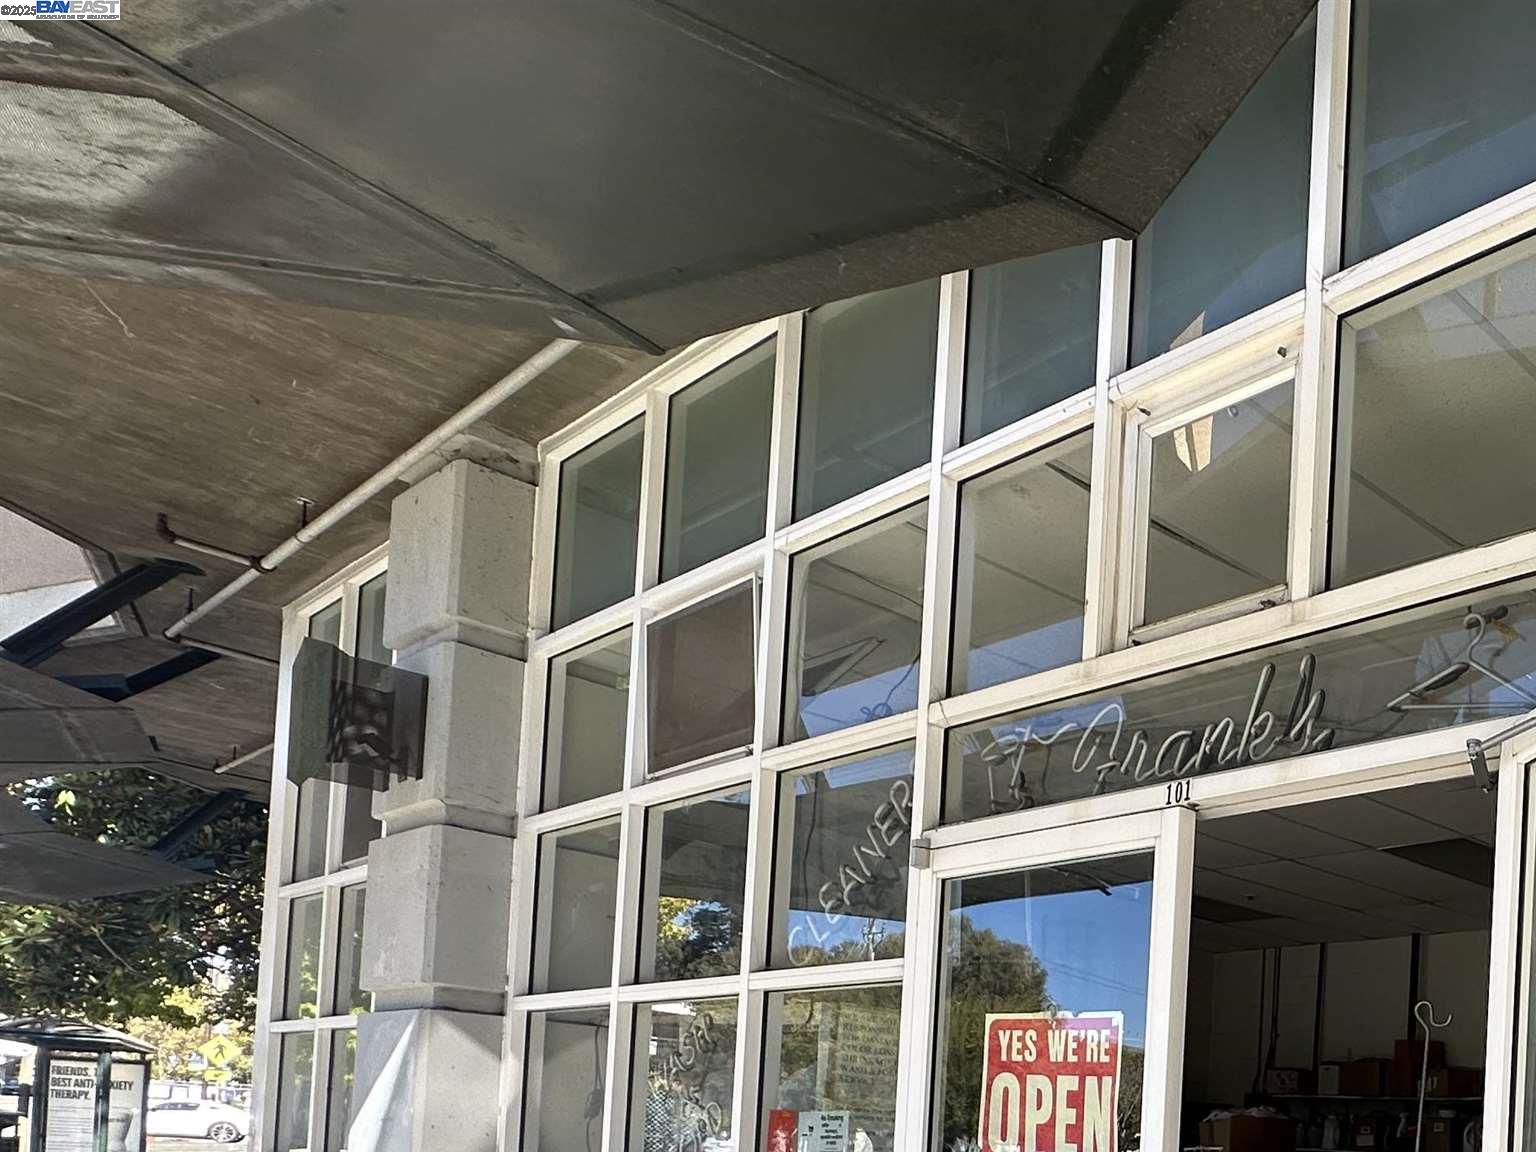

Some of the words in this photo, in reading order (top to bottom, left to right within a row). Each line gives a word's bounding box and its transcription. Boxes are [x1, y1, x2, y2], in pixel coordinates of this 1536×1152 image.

[1165, 780, 1192, 805] 101
[998, 1029, 1037, 1062] YES
[1048, 1029, 1111, 1062] WE'RE
[51, 1078, 72, 1088] BEST
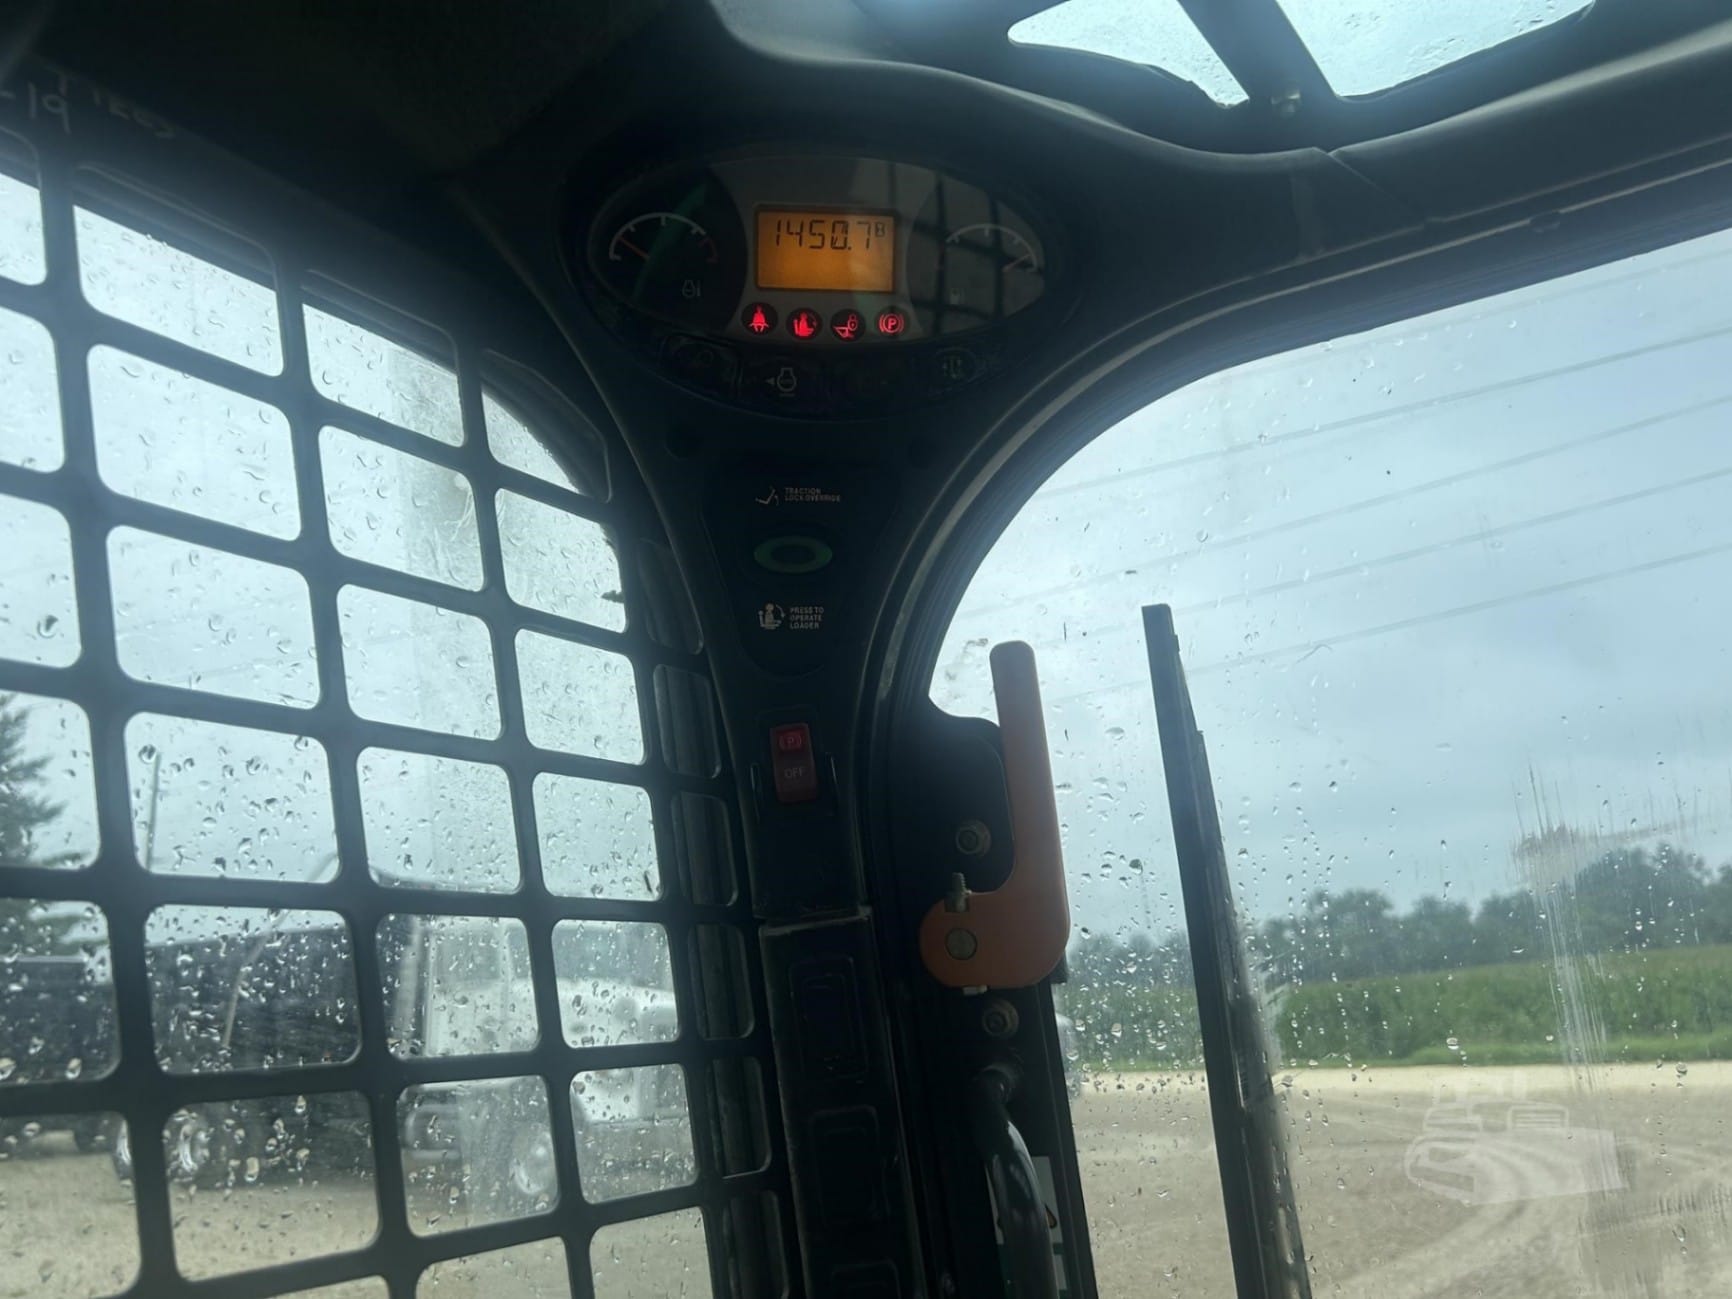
● ● ●
Once the pictures are dropped, please print every remaining line of the material verbatim.

Some of the words in this photo, in reading order (top to bottom, left to right within a row). Each line gives a word's bounding box and its transcription. Boxes are [x1, y1, x2, y2], in pixel coordinates of this 1536×1152 image.

[1165, 780, 1192, 805] 101
[998, 1029, 1037, 1062] YES
[1048, 1029, 1111, 1062] WE'RE
[51, 1078, 72, 1088] BEST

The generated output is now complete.